Closed ErwinKomen closed 9 months ago

ErwinKomen commented 10 months ago

Integrate the clustering plug-in that we talked about.

ErwinKomen commented 10 months ago

Explanation

The passim-plugin consists of two basic parts

  1. The dashboard, which works on 'prepared' data - first part
    1. Outward appearance (front end)
    2. Functions interacting with the plugin behind the 'page'
    3. The plugin itself (already created by GS)
  2. A method to prepare data for the dashboard - second part
ErwinKomen commented 9 months ago

Implementation: part 1, user dashboard

  1. Added models (database tables) to facilitate a dashboard:
    1. BoardDataset: points to a location on the server that holds pre-calculated dataset data
    2. SermonsDistance: list of methods to measure distance between sermons - pre-set via admin interface
    3. SeriesDistance: list of methods to measure distance between series - pre-set via admin interface
    4. Dimension: choice between 2d and 3d (for the moment; pre-set via admin)
    5. ClMethod; list of clustering methods that can be used - preset via the admin interface
    6. Highlight: list of fields and other things that can be used as a 'highlight'. Two main components:
      1. A number of fields from the SermonDescr: library, idno, lcity, lcountry, date, total, sermons, content, century, age, is_emblamatic
      2. Full manuscript names, using their standard identification (city, library, shelfmark)
  2. Added Tools > Plugin, a link to the dashboard, which is in plugin/view.py sermboard
    1. This makes available to the user all the data that can be chosen from via BoardForm + plugin/sermonboard.html
  3. Create space for the datasets on the server
    1. When we go to a container, this should be 'externally linked'
    2. Whether via link or not, the location will be MEDIA_DIR/plugin/preprocessed_data/...
  4. The datasets need to be 'loaded' in order to be usable.
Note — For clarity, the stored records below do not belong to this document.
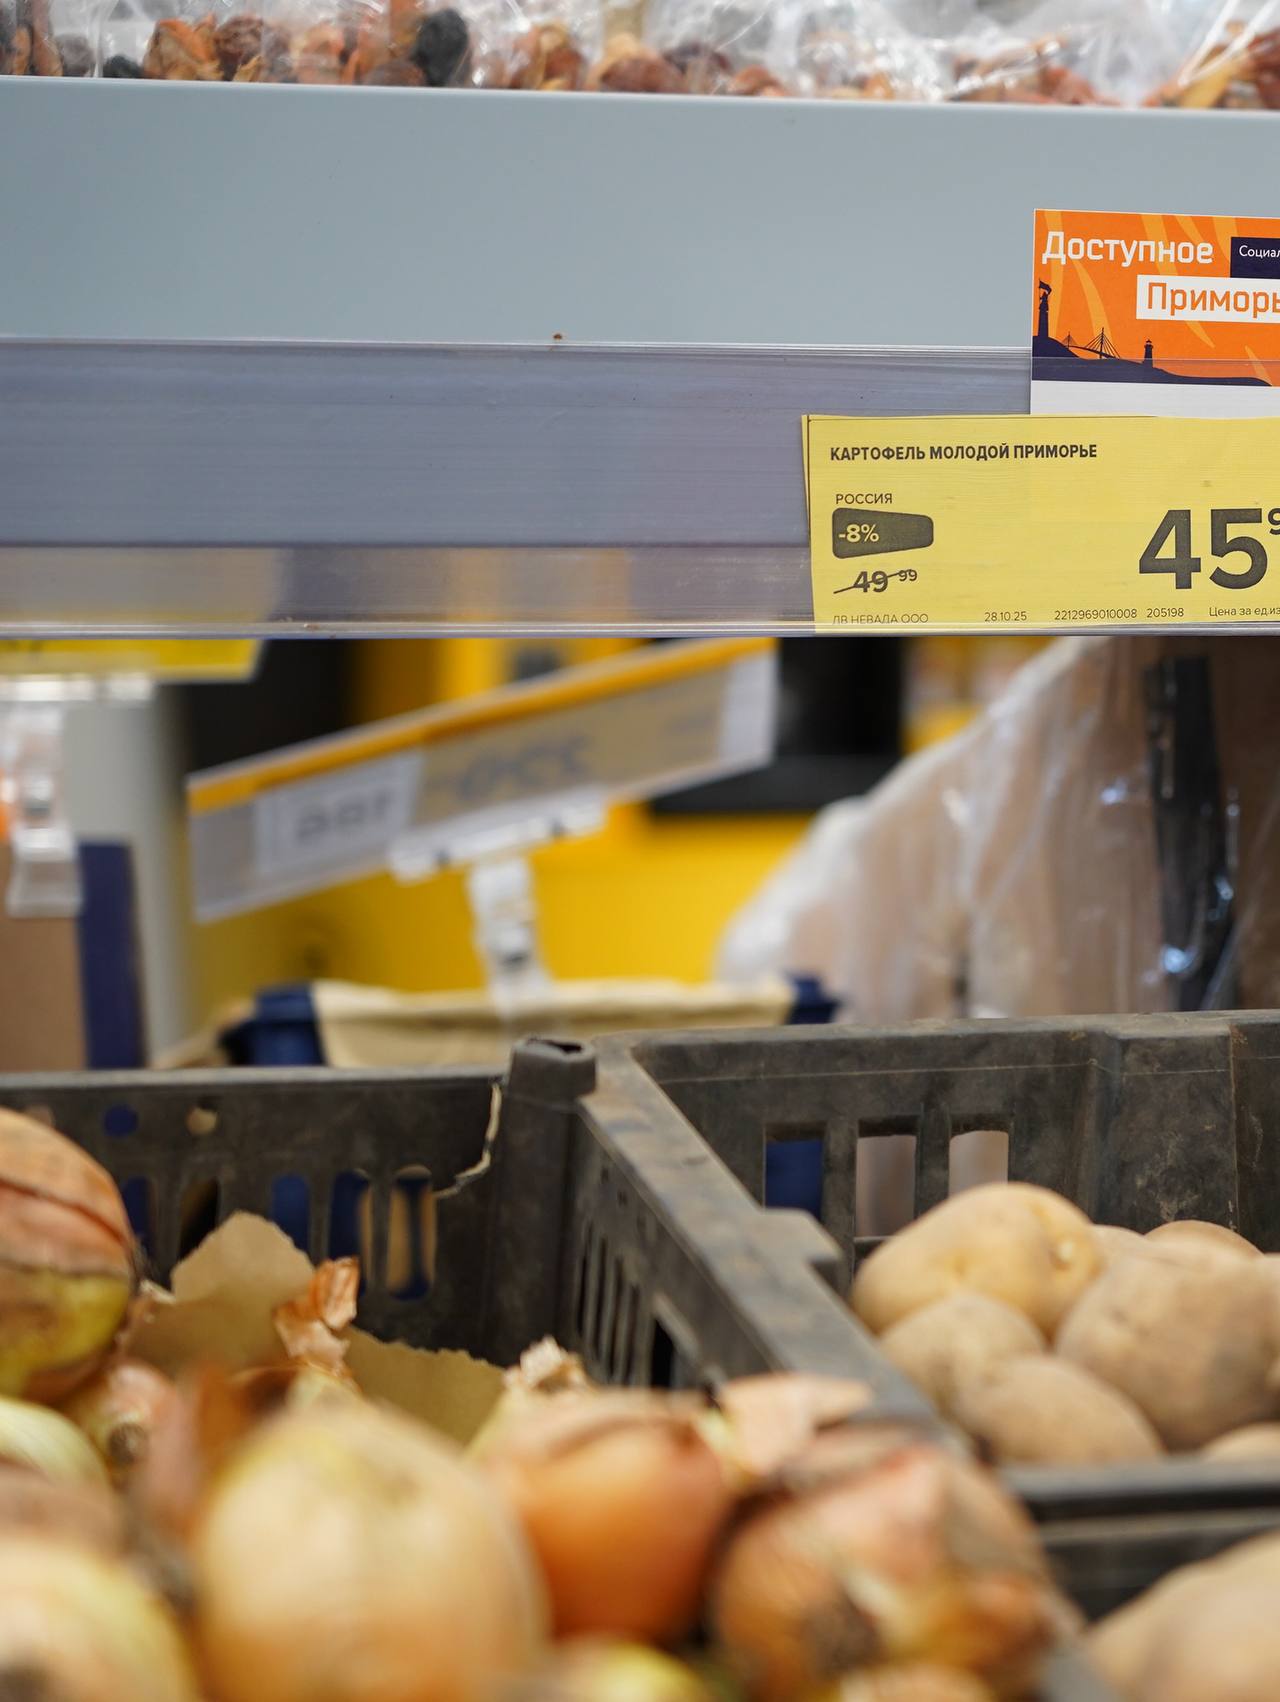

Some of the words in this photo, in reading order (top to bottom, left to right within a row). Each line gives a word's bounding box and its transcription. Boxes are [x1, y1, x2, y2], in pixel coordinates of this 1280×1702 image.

[1042, 231, 1214, 267] Доступное
[830, 446, 926, 461] КАРТОФЕЛЬ
[930, 443, 1010, 461] МОЛОДОЙ
[1013, 444, 1098, 459] ПРИМОРЬЕ
[835, 493, 892, 504] РОССИЯ
[838, 524, 880, 542] -8%
[851, 615, 898, 624] НЕВАДА
[901, 613, 929, 624] ООО
[984, 611, 1027, 622] 28.10.25
[1054, 608, 1138, 621] 2212969010008
[1146, 607, 1185, 618] 205198
[1209, 607, 1236, 618] Цена
[1239, 608, 1251, 616] за
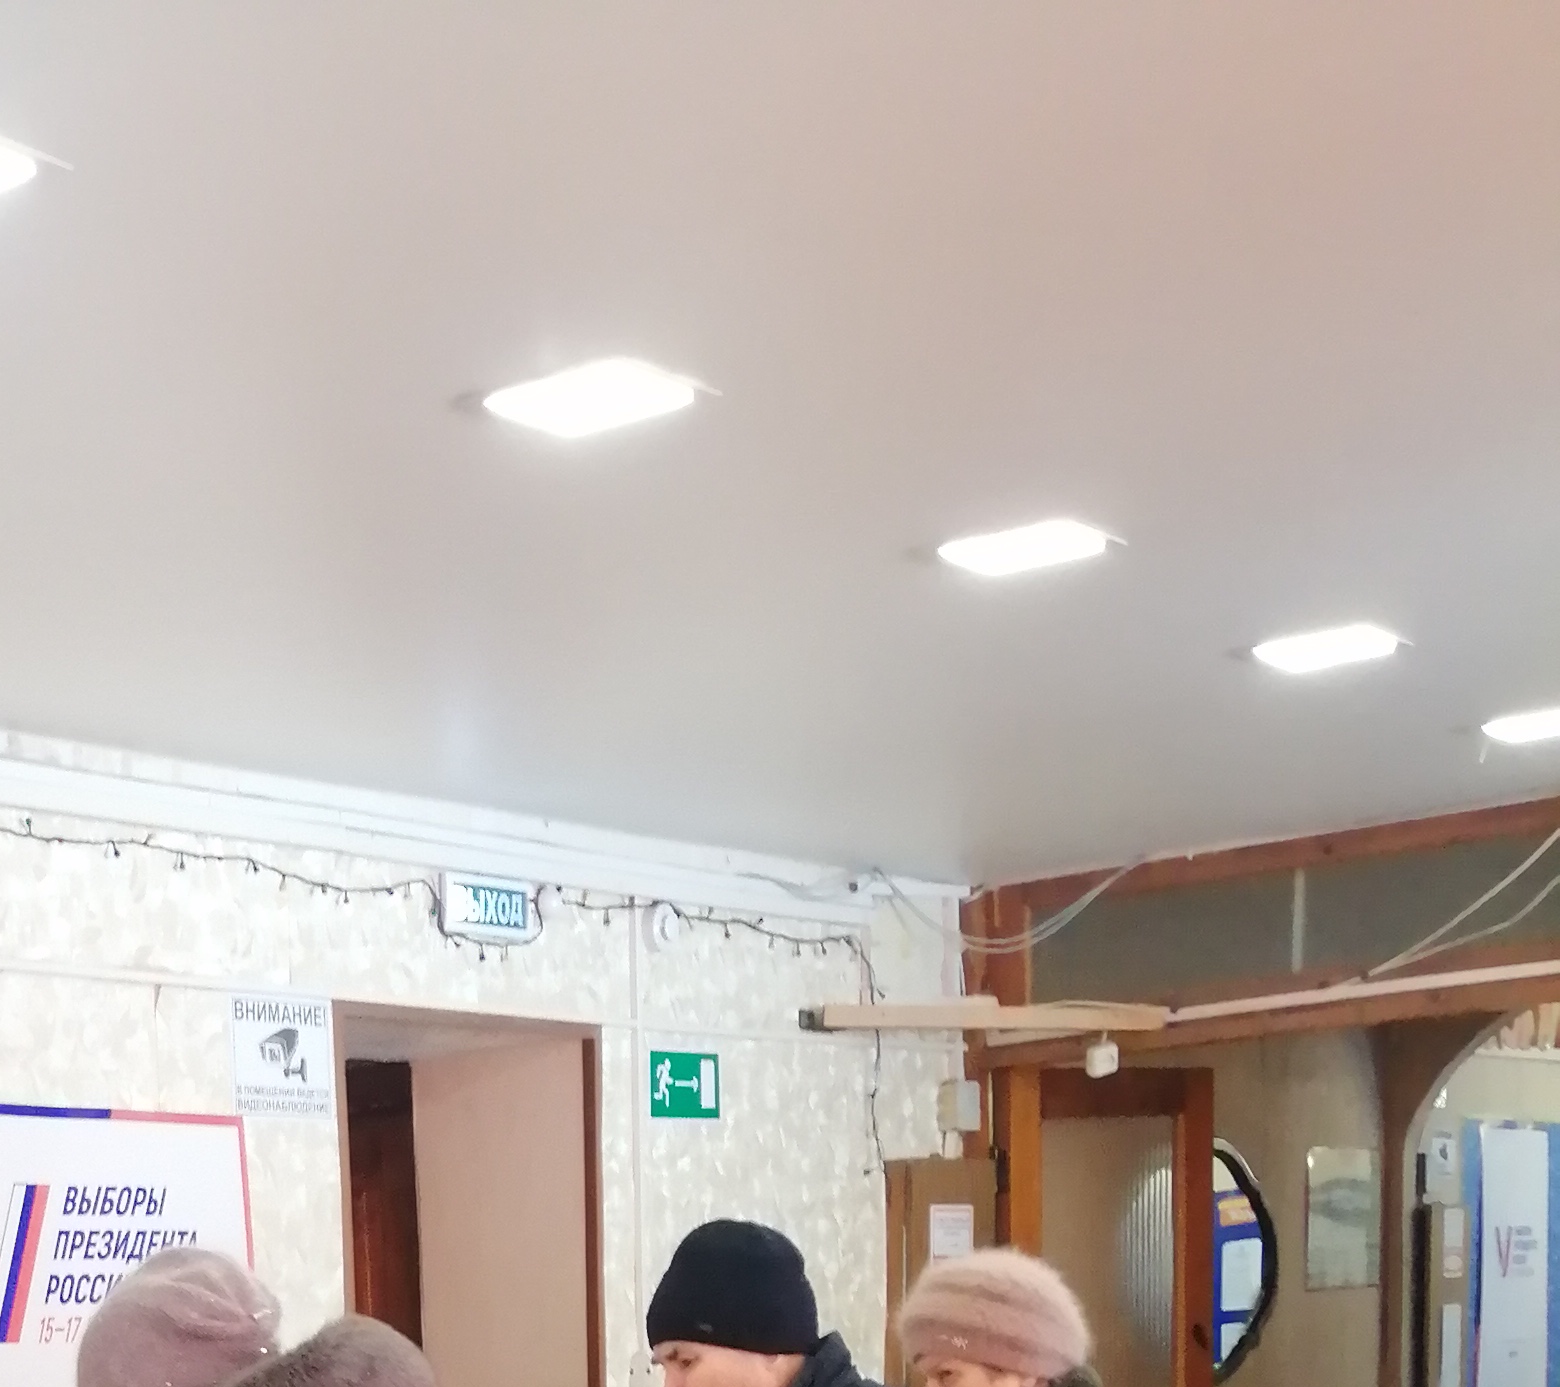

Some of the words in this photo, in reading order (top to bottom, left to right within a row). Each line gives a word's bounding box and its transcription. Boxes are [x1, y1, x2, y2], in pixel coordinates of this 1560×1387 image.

[234, 1001, 326, 1027] ВНИМАНИЕ!
[62, 1185, 168, 1216] ВЫБОРЫ
[45, 1273, 124, 1305] РОССИ
When to load them?
    1. Use a global store in calculate.py
    2. Load this store, as soon as a new object GenGraph is created
      1. If it is slow: make it a separate thread working background
  5. The dashboard possibilities should be dependant on the tab that is chosen
    1. Umap: initial highlight should be lcountry
ErwinKomen commented 9 months ago

Remaining issues

  1. Implement user interface response on changing tab pages
    1. Make use of <div groups umap_params and clustering_params - works
  2. Implementing Clustering:
    1. Cannot find name linkage in calculations
      1. This is a function from scipy/cluster/hierarchy.py
      2. Should have entered the scene via from scipy.cluster.hierarchy import *
    2. Okay, is working now!
  3. Implementing Umap: is working
  4. Implementing Series Heatmap: 1.
  5. Implementing Sermons Heatmap:
    1. No figure being produced...
    2. Error "None of Code in ..." - the correct combination of Sermons Distance and Series Distance is required
Filter Clustering Umap Series Heatmap Sermons Heatmap
Minimal collection length 5 5 5 5
Sermons + + + +
Anchor manuscript + + + +
Number of closest manuscripts 10 10 10 10
Target dimension - 2D - -
Highlight - century - -
Number of neighbours - 10 - -
Minimal distance - 0.1 - -
Clustering method ward - - -
ErwinKomen commented 9 months ago

Follow-up: see issue #733